As we approach – amazingly – the end segment of our Tandem Tour of Aotearoa/New Zealand, with some 2400km behind us from Cape Reinga and only 400+ to go to Bluff in the south, some words on why Jutta and I are raising money for the Rory Peck Trust.
And with those words an encouragement to readers to dip into their pockets to sponsor us, if not already done, as we make the final push towards the 3000km mark (though we will end up a few km short of that figure) and its sister £3000 target (where we don’t at all want to end up short.)
The Rory Peck Trust is named after a famously brave and brilliant British freelance cameraman who was killed in Moscow in 1993 while reporting the attempted coup against then-President Yeltsin for the BBC and other mainstream news organisations.

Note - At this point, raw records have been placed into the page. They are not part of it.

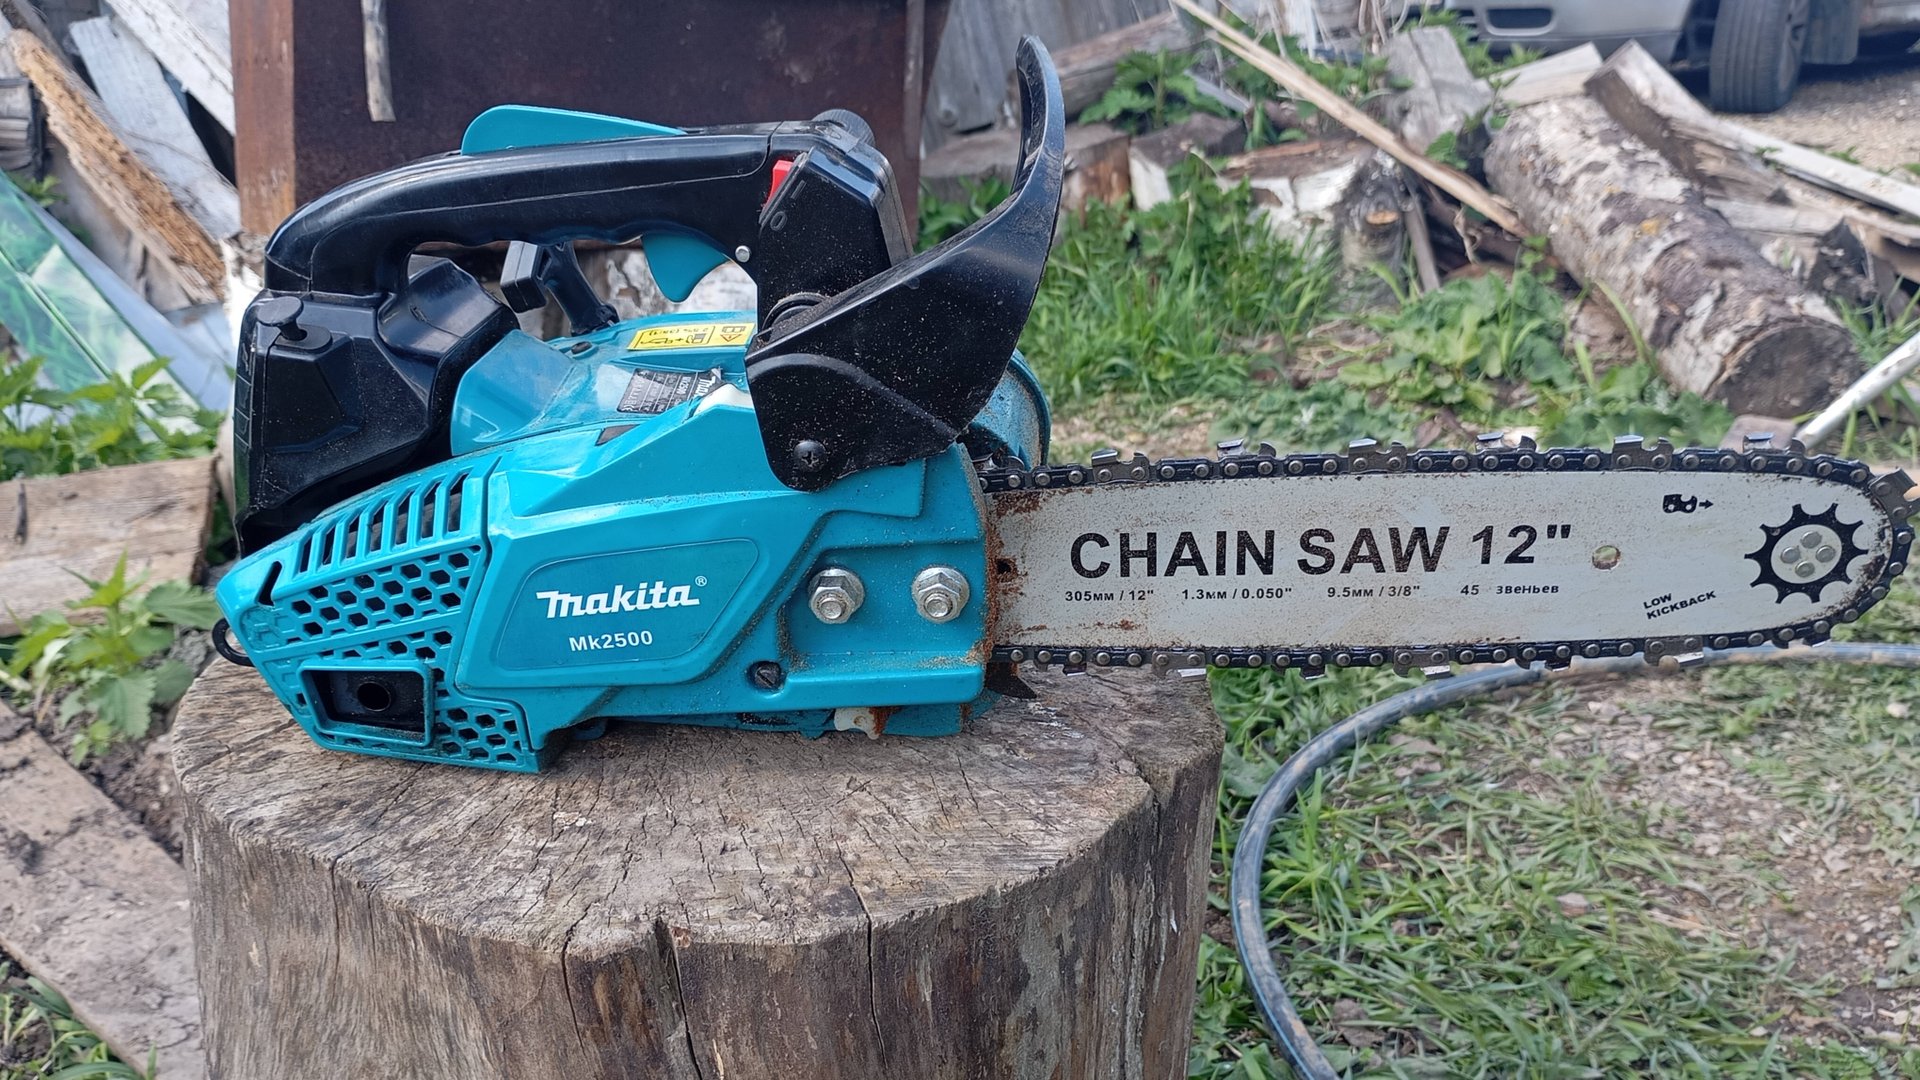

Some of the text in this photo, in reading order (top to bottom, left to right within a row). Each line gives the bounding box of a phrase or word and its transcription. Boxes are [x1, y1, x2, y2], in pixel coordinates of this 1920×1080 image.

[1070, 524, 1571, 578] CHAIN SAW 12"
[1128, 590, 1154, 601] 12"
[1242, 588, 1292, 599] 0.050"
[1388, 586, 1420, 596] 3/8"
[1461, 585, 1479, 595] 45
[1643, 593, 1672, 609] LOW
[1647, 591, 1716, 619] KICKBACK
[569, 630, 653, 651] Mk2500

Without the organisational support and the insurance of a large employer, Rory’s widow Juliet and her family were suddenly and completely adrift, financially and in so many other ways on their own.
Two years later, inspired and driven by her experiences, Juliet with a group of colleagues and friends set up the Rory Peck Trust in her husband’s memory, to provide support for the families of freelance cameramen and women.
The Trust has since grown into an international organisation that quietly and modestly offers support to all freelance newsgatherers, financially and with a sense of being cared for, when they get into trouble, when they’re physically hurt or worse, and also increasingly now when they find themselves struggling with the emotional consequences of covering the worst things human beings can do to each other.

After our time with Reuters and the BBC, notably for Mark as senior BBC World Service Editor in helping set up hostile environment training and support in the late 1990s, that’s where we come in, as psychotherapists specialising in working with the impact of trauma, on ordinary folk as well as journalists.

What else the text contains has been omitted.